La impotencia de la izquierda para proponer alternativas que generen esperanza y líneas de acción transformadoras es el otro componente de la realidad contemporánea. En su lenguaje machista de caricatura, el 12 de mayo de 2018 en un mitin de la extrema derecha mexicana, la expuso Javier Milei definiendo a la izquierda como “el club de los penes cortos”, con la muy obvia celebración por parte de sus colegas. Seis años después, en octubre 2024, se realizó en Argentina una suerte de festival de la nueva derecha, con estética, luces, banda de sonido y título: Viva la Derecha Fest, proponiéndose la defensa de los valores tradicionales frente a la guerra cultural atribuida a la izquierda. Los temas de las conferencias son elocuentes: El terrorismo feminista, La farsa indigenista, El sujeto esquizo sinónimo de progresismo, al que la chilena Vanessa Kaiser definió como la plaga de la ideología de género y la del cambio climático, responsable del tener perros en lugar de hijos, así como del deseo de suicidio asistido y las luchas en favor del aborto, porque estas “profecías ecoterroristas” hacen creer que no habrá futuro. Después el peruano Miklos Lukacs afirmó que la causa principal “del declive de occidente es el progresismo” con sus “agendas arcoíris: aborto, minorías sexuales, terrorismo climático”. Un mundo en reversa, frente a la carencia de respuestas de la izquierda y una causa que crece: la desesperación.
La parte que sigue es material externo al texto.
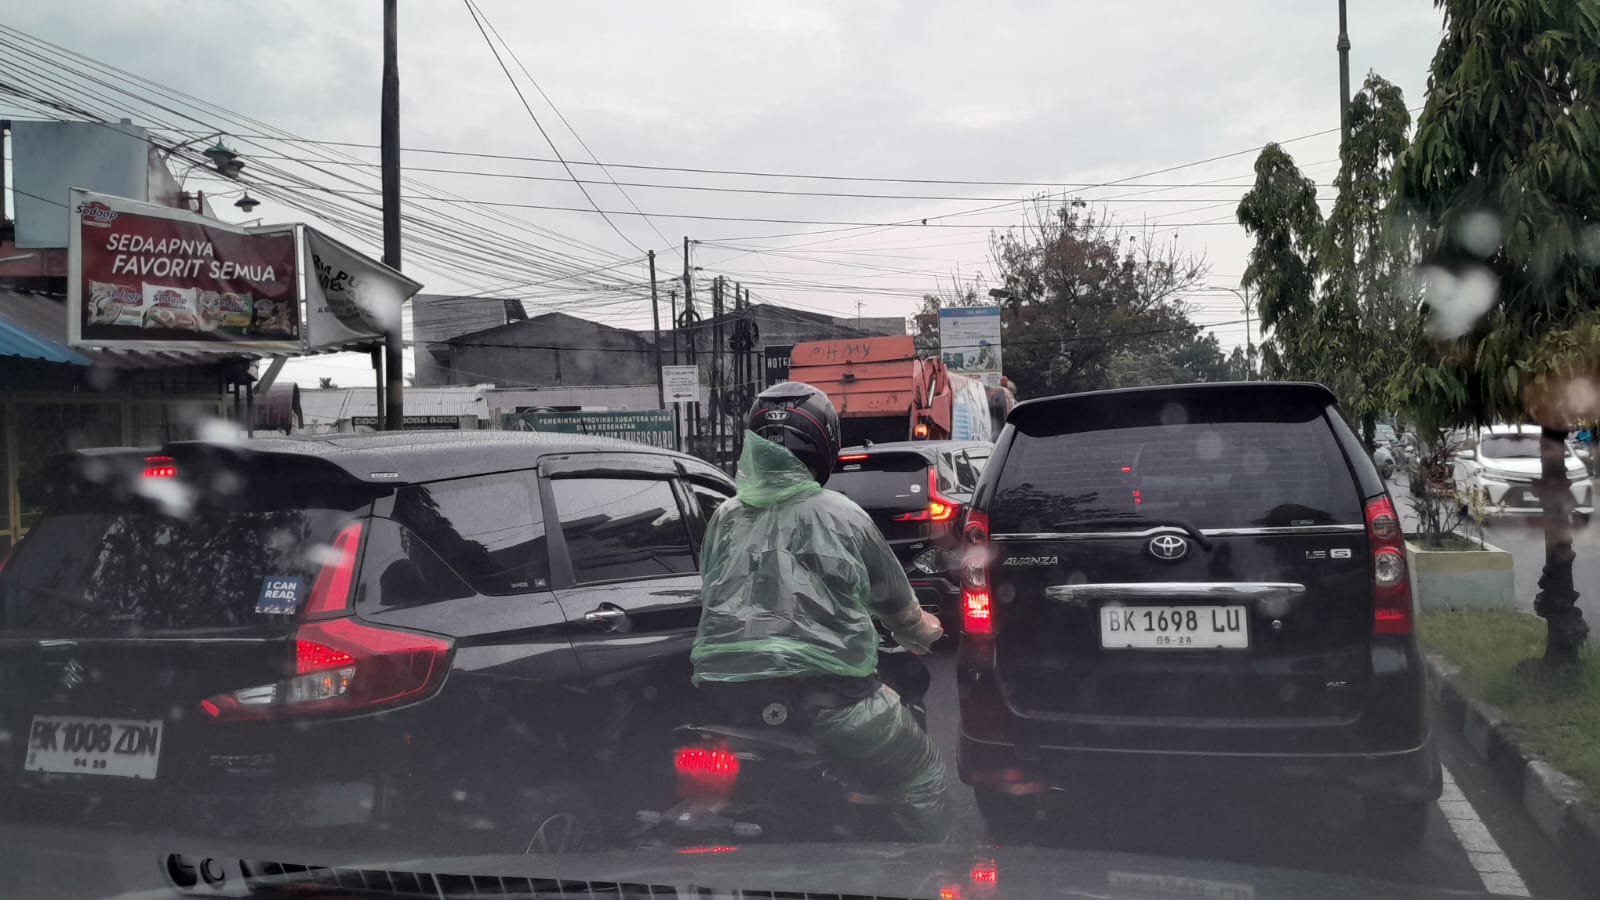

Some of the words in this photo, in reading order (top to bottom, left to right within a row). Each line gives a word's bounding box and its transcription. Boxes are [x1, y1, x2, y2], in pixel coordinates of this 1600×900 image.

Como un colofón, Walden Bello, autor del concepto “Desglobalización” y director ejecutivo de Focus on the Global South, pensando en quién sería capaz de dirigir la ira desatada que venía desde antes de la pandemia, y que después de la crisis económica y de empleo en desarrollo sería mayor, entrevistado por Eduardo Febbro en el diario argentino Página 12, observó: “La izquierda plantea paradigmas como decrecimiento, desglobalización, ecofeminismo, soberanía alimentaria y buen vivir (pero) desafortunadamente es la extrema derecha la que está mejor posicionada para aprovechar el descontento global porque […] los partidos de derecha radical abandonaron parte de los viejos programas neoliberales que abogaban por una mayor liberalización y menos impuestos que habían apoyado, y comenzaron a decir que estaban a favor del Estado de bienestar y de una mayor protección de la economía nacional”. Las causas que responden a la desesperación están hoy en sus manos. Y las están utilizando a favor de los intereses de unos muy pocos, y en contra de la humanidad. γ
* Periodista, fotógrafo y estratega político.